In der Debatte über Ökologie hat die sorgfältige Achtsamkeit ein besonderes Gewicht erlangt, und in der Erd-Charta nimmt sie einen zentralen Platz ein. Im neuen Diskurs ist die Sorge für die Umwelt, für die knappen Ressourcen, für die Natur und für die Erde zu einem Muss geworden. Schließlich wurde Sorge als essentiell für das Verständnis des menschlichen Seins gesehen, wie Martin Heidegger in „Sein und Zeit“ schrieb und so mit der Tradition aufräumte, die auf die Griechen, Römer und die frühen christlichen Denken wie dem Hl. Paulus und dem Hl. Augustinus zurückgeht.

Darüber hinaus hat sich gezeigt, dass die Kategorie der Sorge gerade in Krisen-zeiten an Wichtigkeit gewinnt.

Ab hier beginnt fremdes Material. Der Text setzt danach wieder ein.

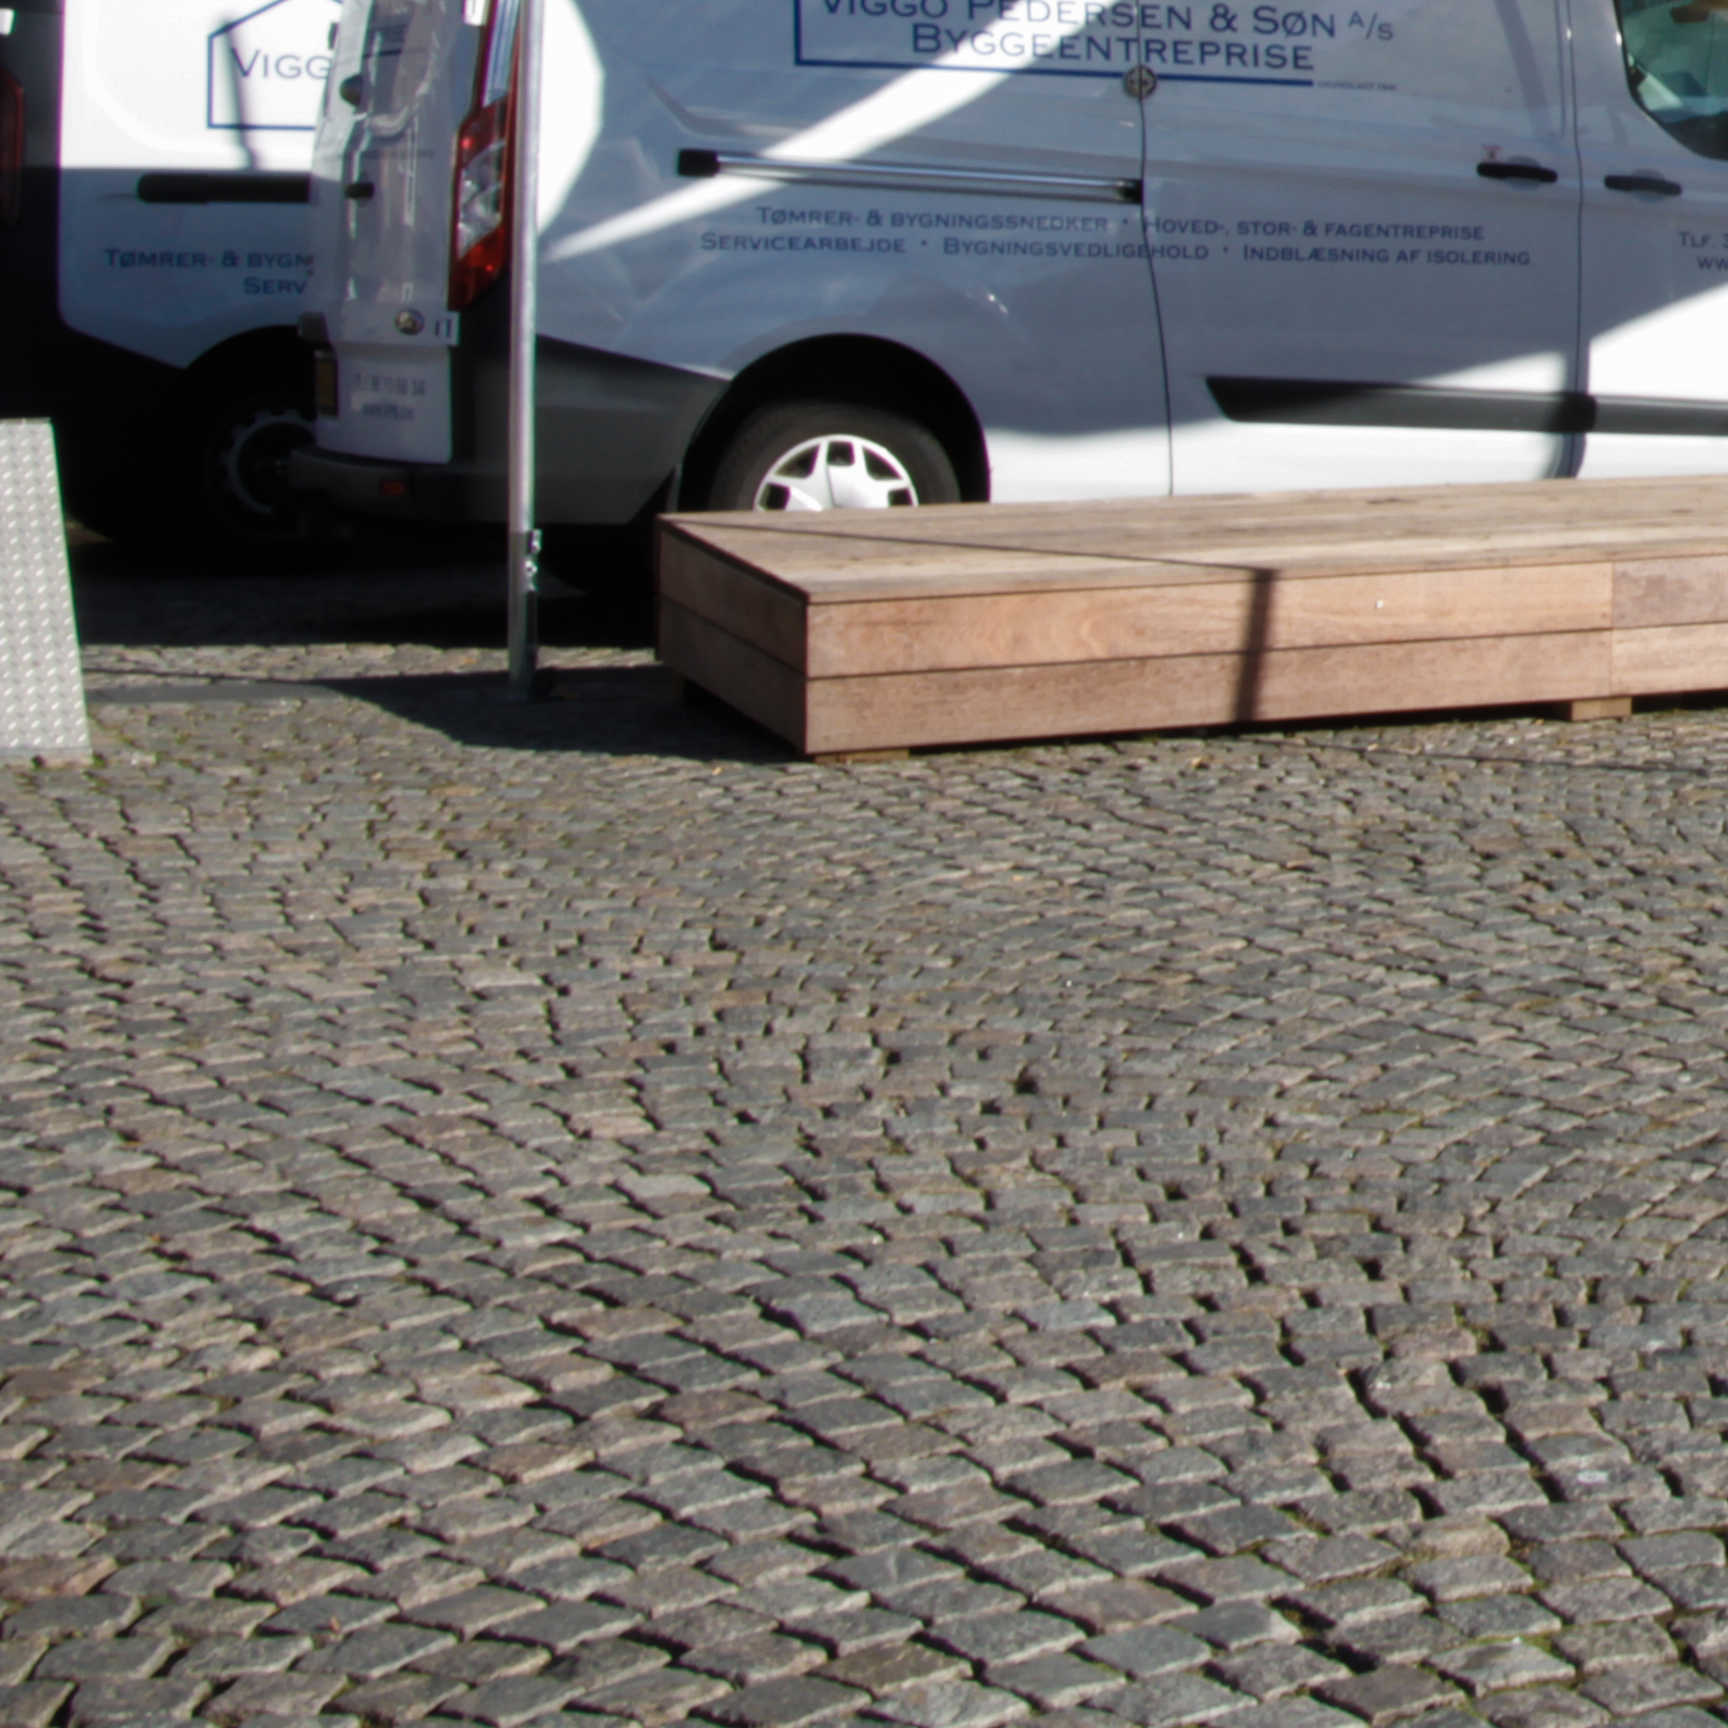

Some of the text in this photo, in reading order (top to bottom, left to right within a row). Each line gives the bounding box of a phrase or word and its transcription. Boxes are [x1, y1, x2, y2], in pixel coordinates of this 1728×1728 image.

Sie bewahrt die Krisen davor, sich in verhängnisvolle Tragödien zu verwandeln.

Der Erste Weltkrieg (1914-1918), der zwischen christlichen Staaten ausgetragen wurde, zerstörte den illusorischen Glamour des Viktorianischen Zeitalters und erzeugte eine tiefe metaphysische Hilflosigkeit. Es war in jener Zeit, dass Martin Heidegger (1889-1976) sein geniales Werk „Sein und Zeit“ (1927) schrieb, dessen zentralen Kapitel (§ 39-44) der Sorge als der Ontologie des menschlichen Seins gewidmet sind.

Während des Zweiten Weltkriegs (1939-1945) erlangte der Kinderarzt und Psychologe D. W. Winnicott (1896-1971) an Berühmtheit. Von der britischen Regierung war er beauftragt, für Waisenkinder zu sorgen, die den Schrecken der Bombenangriffe der Nazis auf London zum Opfer gefallen waren.  Er entwickelte eine komplette Theorie und Praxisanweisung zu den Konzepten der Achtsamkeit (care), der Sorge für den Mitmenschen (concern) und der Gesamtheit der Pflege- und Hilfeleistungen, die für Kinder oder andere verletzliche Personen aufgebracht werden müssen (holding), und die ihre Anwendung auch in den Wachstums- und Erziehungsprozessen finden.

Im Jahr 1972 läutete der Club of Rome die Alarmglocke für die ökologische Situation der Erde.  Der Club of Rome hat den Hauptverursacher ausgedeutet: unser Entwicklungsmodell, vom Konsumdenken geprägt, räuberisch, nachlässig und frei von jeglicher Sorge, sei es um die knappen Ressourcen oder über unseren Umgang mit dem Müll, der großenteils schädlich und von der Natur nicht abbaubar ist. Mehrere, von der UNO in den 1980er Jahren organisierte Zusammenkünfte gipfelten in der Anregung zu nachhaltiger Entwicklung als Ausdruck menschlicher Sorge für die Umwelt, doch dies war hauptsächlich ökonomisch motiviert.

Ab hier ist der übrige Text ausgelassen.